The immunopositivity for NSE was more common in clear cell RCCs than other subtypes (p = 0.01). There was no association between the immunoreactivity for other NE markers and histological subtype of the tumours (Table 2).
Table 2.
Immunoreactivity | ||||
---|---|---|---|---|
Histological subtype | Marker | negative, n (%) | positive, n (%) | p-value |
clear cell | serotonin | 121 (93) | 9 (7) | 0.2 |
papillary | 6 (75) | 2 (25) | ||
chromophobic | 4 (80) | 1 (20) | ||
unclassified | 2 (100) | 0 (0) | ||
clear cell | CD56 | 105 (82) | 23 (18) | 0.9 |
papillary | 7 (78) | 2 (22) | ||
chromophobic | 4 (80) | 1 (20) | ||
unclassified | 2 (100) | 0 (0) | ||
clear cell | NSE | 62 (48) | 67 (52) | 0.01 |
papillary | 8 (80) | 2 (20) | ||
chromophobic | 4 (100) | 0 (0) | ||
unclassified | 2 (100) | 0 (0) | ||
clear cell | synaptophysin | 130 (99) | 1 (1) | 0.2 |
papillary | 9 (90) | 1 (10) | ||
chromophobic | 5 (100) | 0 (0) | ||
unclassified | 2 (100) | 0 (0) |
The RCC-specific survival of patients with serotonin positive tumours (Figure 1) as well as CD56 and NSE immunonegative tumours was somewhat better but the difference was not significant (Table 3). The two patients with synaptophysin immunopositive tumours showed an excellent RCC-specific survival.
Table 3.
Marker | Immunoreactivity | Survival, months (95% CI) | p-value |
---|---|---|---|
serotonin | positive | 176 (138-214) | 0.3 |
negative | 148 (133-163) | ||
CD56 | positive | 139 (106-172) | 0.4 |
negative | 156 (140-172) | ||
NSE | positive | 149 (127-171) | 0.8 |
negative | 153 (134-171) |
CI, confidence interval.
Immunostaining for serotonin, CD56 and NSE did not associate with grade or stage (Table 4).
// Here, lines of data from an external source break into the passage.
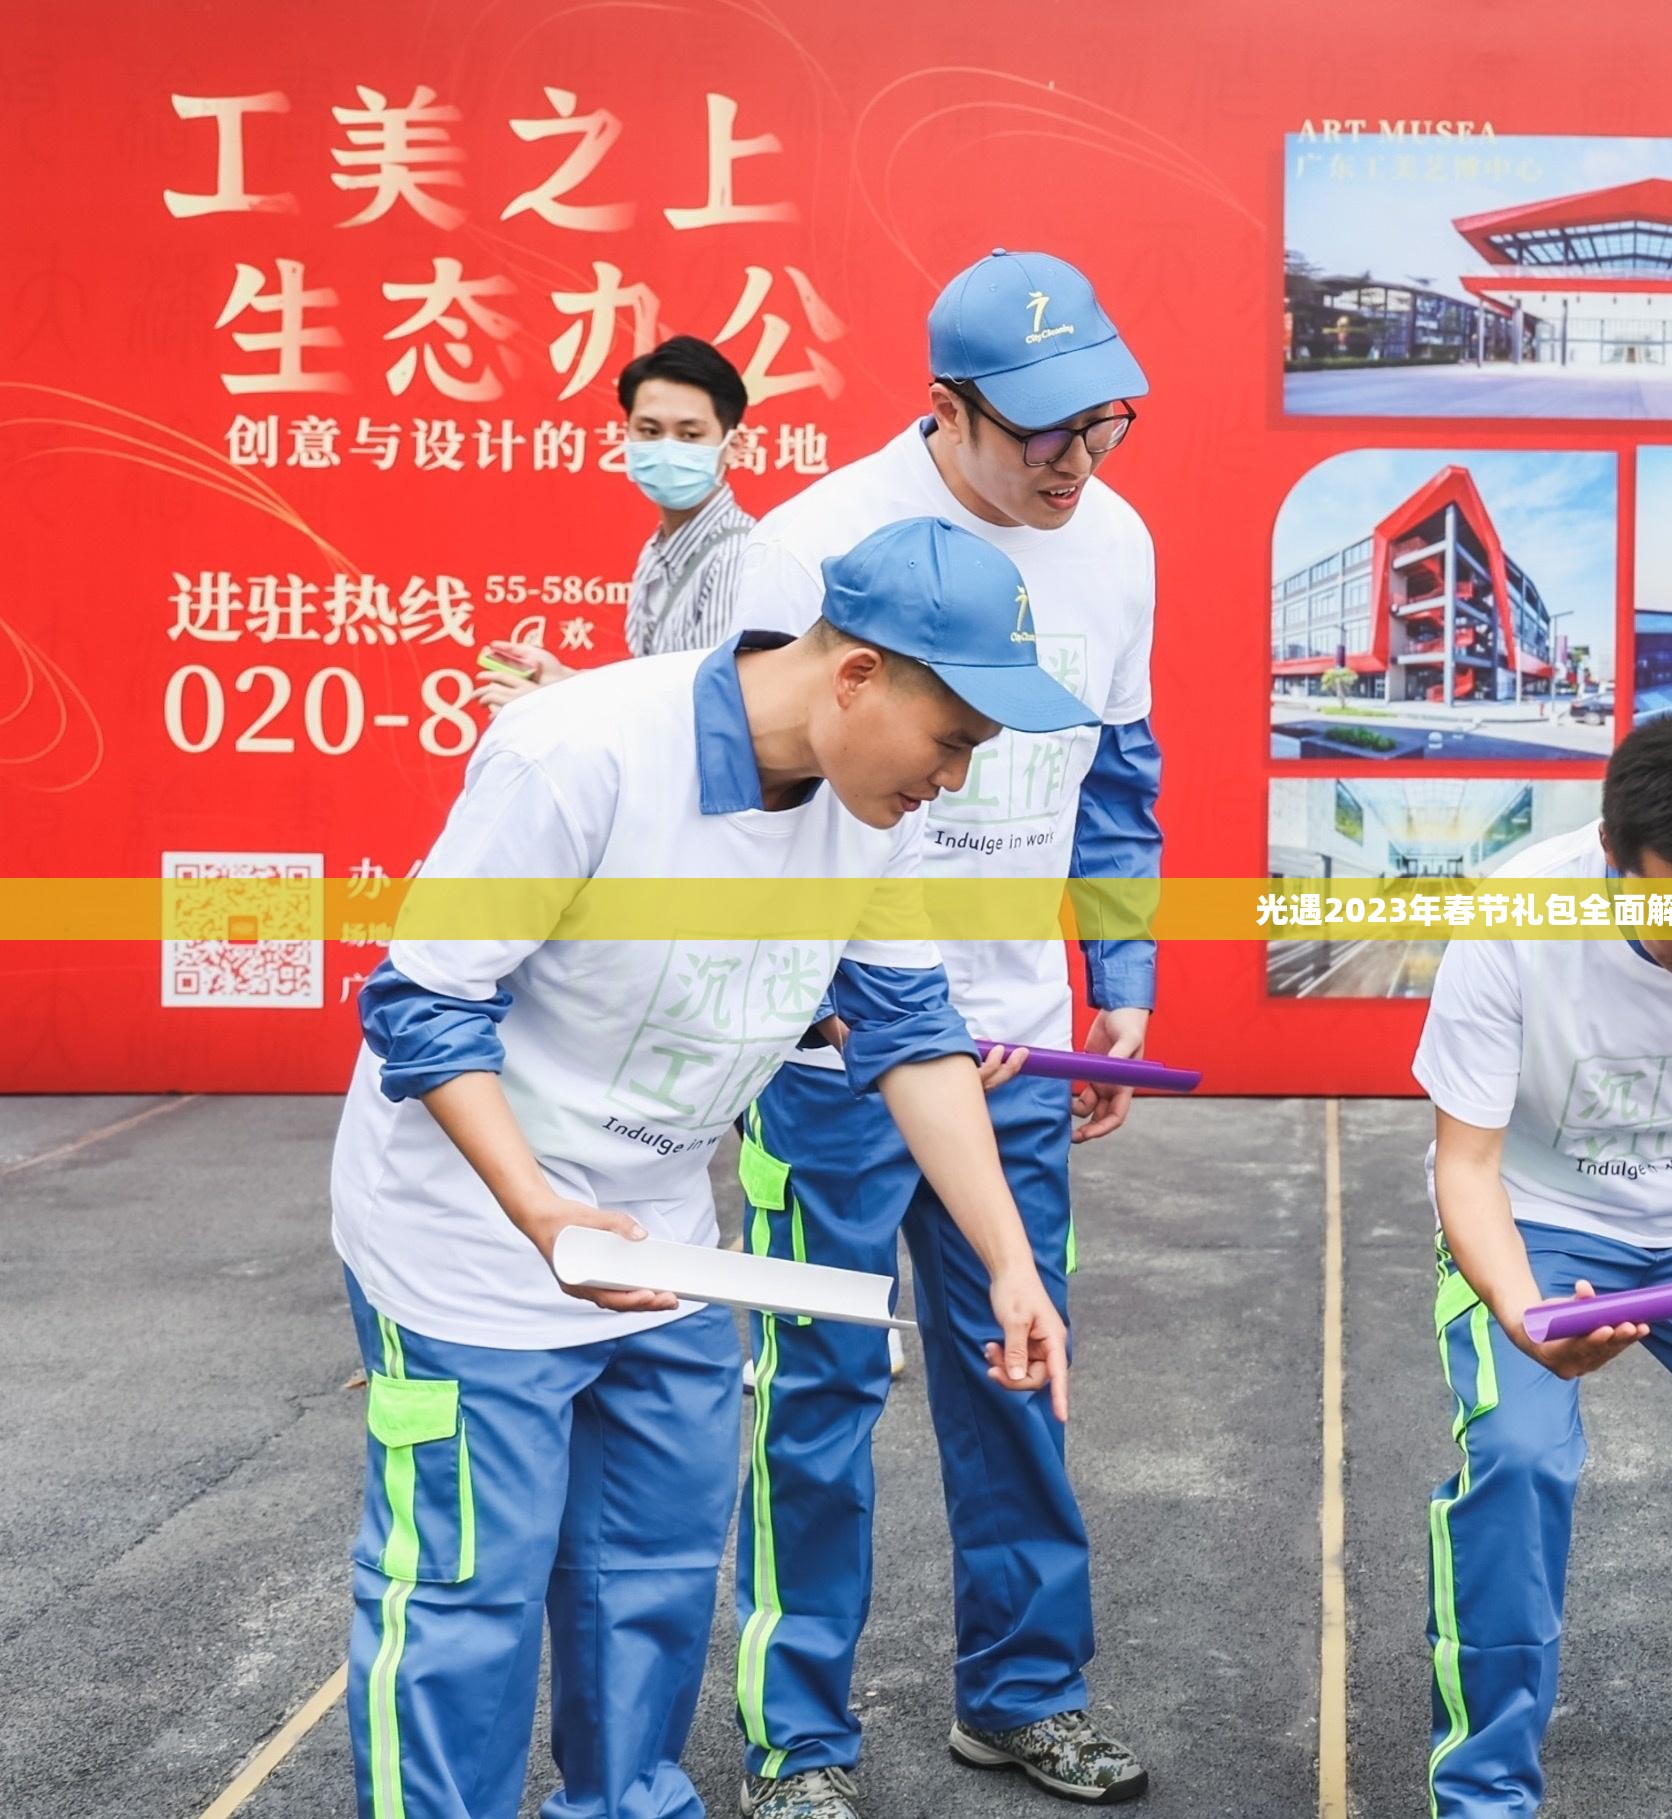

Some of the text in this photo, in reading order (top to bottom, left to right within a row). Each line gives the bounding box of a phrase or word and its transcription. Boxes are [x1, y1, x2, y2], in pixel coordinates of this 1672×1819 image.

[163, 84, 798, 232] 工美之上
[1298, 119, 1497, 145] ART MUSEA
[215, 258, 848, 406] 生态办公
[224, 414, 830, 476] 创意与设计的艺高地
[167, 571, 476, 647] 进驻热线
[934, 830, 1003, 855] Indulge
[1009, 833, 1022, 849] in
[663, 946, 823, 1030] 沉迷
[602, 1115, 684, 1156] Indulge
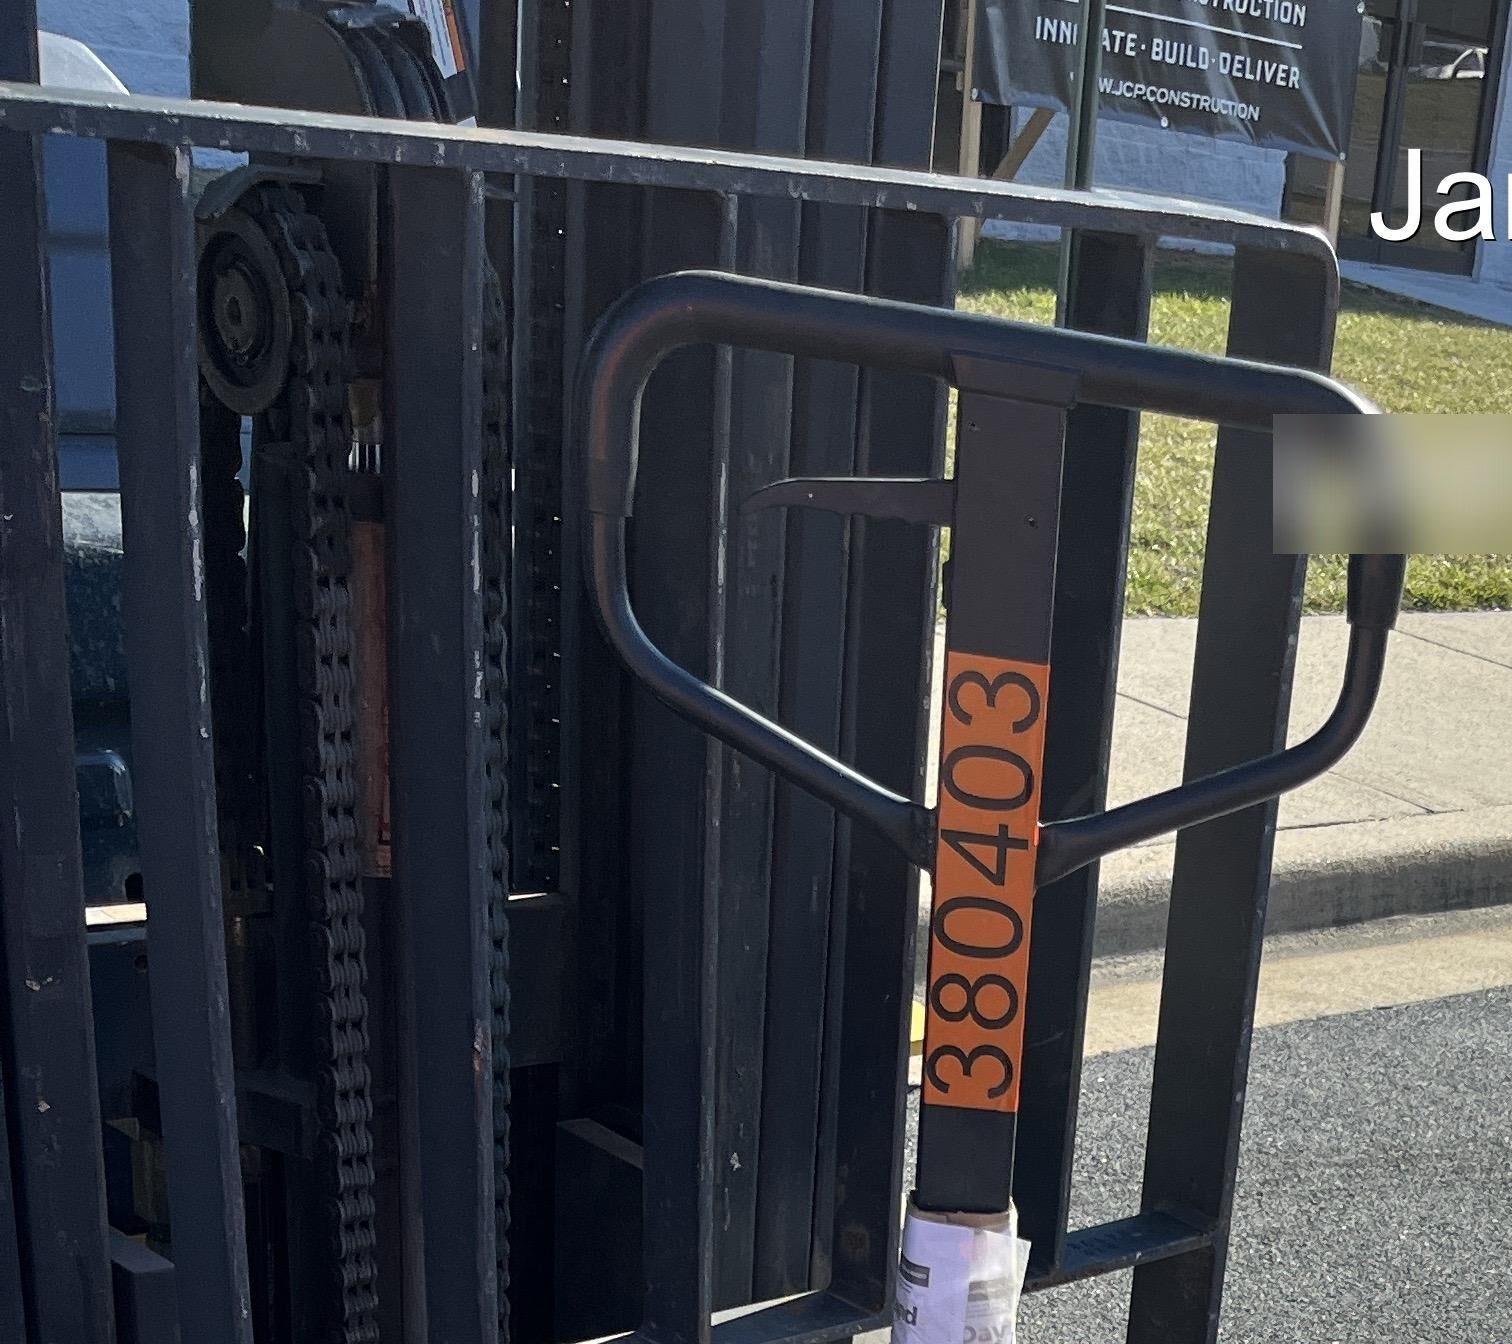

Each staining (serotonin, CD56 and NSE) was separately included in the Cox multivariate analysis with stage, Fuhrman grade and age. The only significant prognostic factor for RCC-specific survival was stage (p < 0.001).
Table 4.
Immunostaining | ||||
---|---|---|---|---|
Fuhrman grade or stage | Marker | immunonegative, n (%) | immunopositive, n (%) | p-value |
grade I | serotonin | 5 (100) | 0 (0) | 0.2 |
grade II | 75 (95) | 4 (5) | ||
grade III | 31 (84) | 6 (16) | ||
grade IV | 20 (91) | 2 (9) | ||
stage I | serotonin | 60 (91) | 6 (9) | 0.6 |
stage II | 9 (90) | 1 (10) | ||
stage III | 45 (90) | 5 (10) | ||
stage IV | 19 (100) | 0 (0) | ||
grade I | CD56 | 5 (100) | 0 (0) | 0.7 |
grade II | 65 (83) | 13 (17) | ||
grade III | 29 (78) | 8 (22) | ||
grade IV | 17 (77) | 5 (23) | ||
stage I | CD56 | 59 (88) | 8 (12) | 0.2 |
stage II | 7 (70) | 3 (30) | ||
stage III | 38 (78) | 11 (22) | ||
stage IV | 14 (78) | 4 (22) | ||
grade I | NSE | 0 (0) | 5 (100) | 0.1 |
grade II | 41 (52) | 38 (48) | ||
grade III | 22 (56) | 17 (44) | ||
grade IV | 11 (55) | 9 (45) | ||
stage I | NSE | 35 (52) | 32 (48) | 0.6 |
stage II | 6 (55) | 5 (45) | ||
stage III | 28 (57) | 21 (43) | ||
stage IV | 7 (39) | 11 (61) |
Discussion
Evidence regarding the prognostic influence of NE markers in human carcinomas is confusing. For example, in prostate cancer both the increased and decreased immunoexpression of NE marker serotonin have been associated with advanced or aggressive disease [6,7]. In undifferentiated endometrial carcinomas, NE markers had no prognostic significance [19]. In addition, the clinical behaviour of breast carcinomas with NE differentiation is not well established [20]. The current paper examines the expression of NE markers (serotonin, CD56, chromogranin A, synaptophysin and NSE) in RCC with a special reference for patient survival.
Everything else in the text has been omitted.